Task statement: Although the entries contain pictures, write out only their text, exactly as it stands.

Stored items
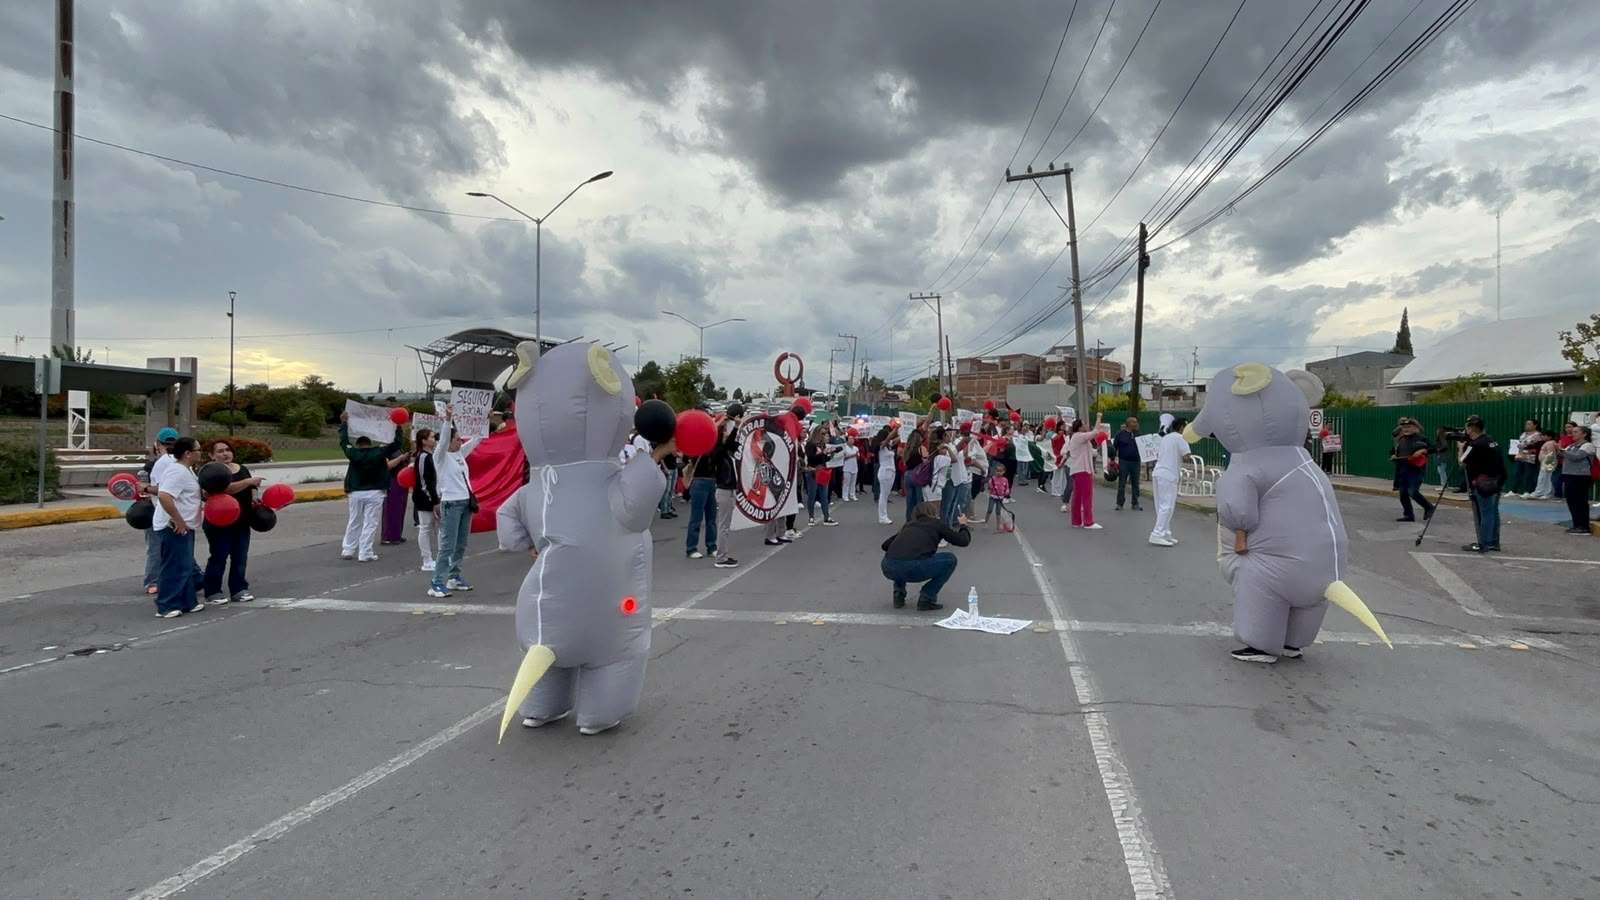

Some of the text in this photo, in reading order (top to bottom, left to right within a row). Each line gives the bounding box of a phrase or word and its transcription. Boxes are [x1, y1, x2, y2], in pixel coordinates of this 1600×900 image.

[457, 390, 490, 406] SEGURO
[463, 405, 483, 416] SOCIAL
[736, 491, 765, 520] UNIDAD
[765, 511, 770, 520] Y
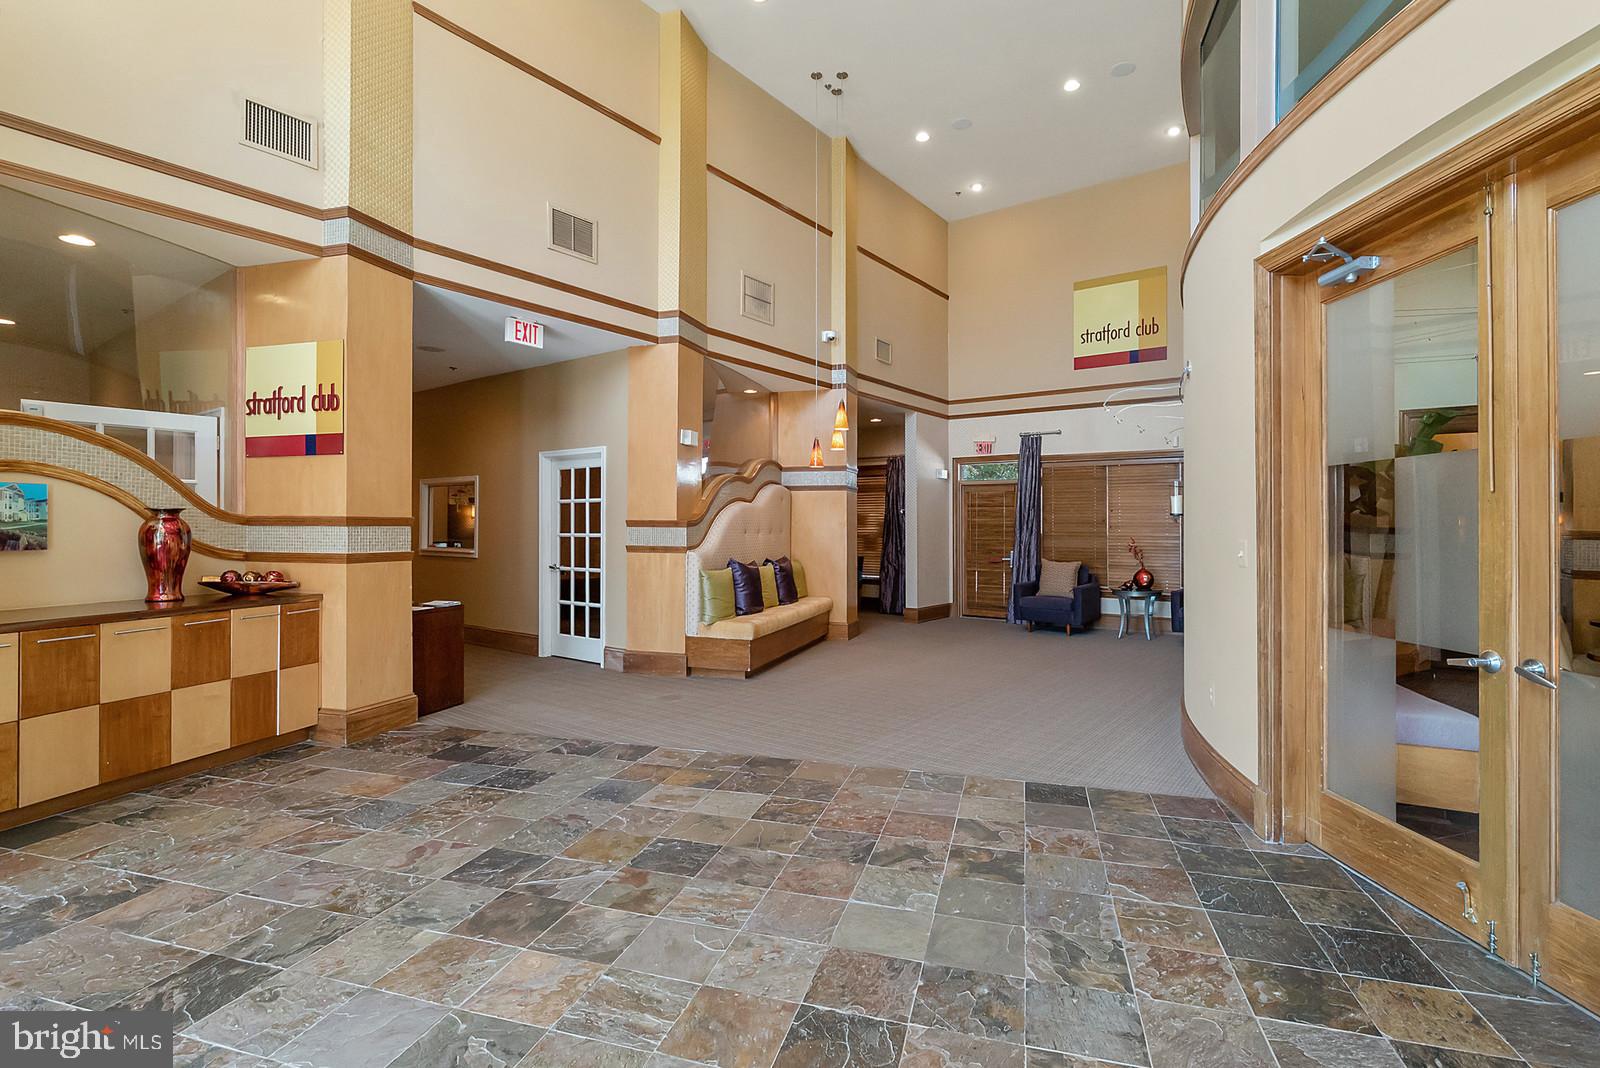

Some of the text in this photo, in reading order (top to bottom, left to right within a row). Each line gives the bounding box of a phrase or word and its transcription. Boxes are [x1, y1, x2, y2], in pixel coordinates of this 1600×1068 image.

[515, 320, 539, 345] EXIT
[1080, 316, 1159, 344] stratford club
[245, 385, 306, 420] stratford
[311, 383, 340, 412] club

Problem solution:
Some of the text in this photo, in reading order (top to bottom, left to right within a row). Each line gives the bounding box of a phrase or word and its transcription. Boxes are [x1, y1, x2, y2], in pixel coordinates of this 1600×900 image.

[457, 390, 490, 406] SEGURO
[463, 405, 483, 416] SOCIAL
[736, 491, 765, 520] UNIDAD
[765, 511, 770, 520] Y

Some of the text in this photo, in reading order (top to bottom, left to right within a row). Each line gives the bounding box of a phrase or word and its transcription. Boxes are [x1, y1, x2, y2], in pixel coordinates of this 1600×1068 image.

[515, 320, 539, 345] EXIT
[1080, 316, 1159, 344] stratford club
[245, 385, 306, 420] stratford
[311, 383, 340, 412] club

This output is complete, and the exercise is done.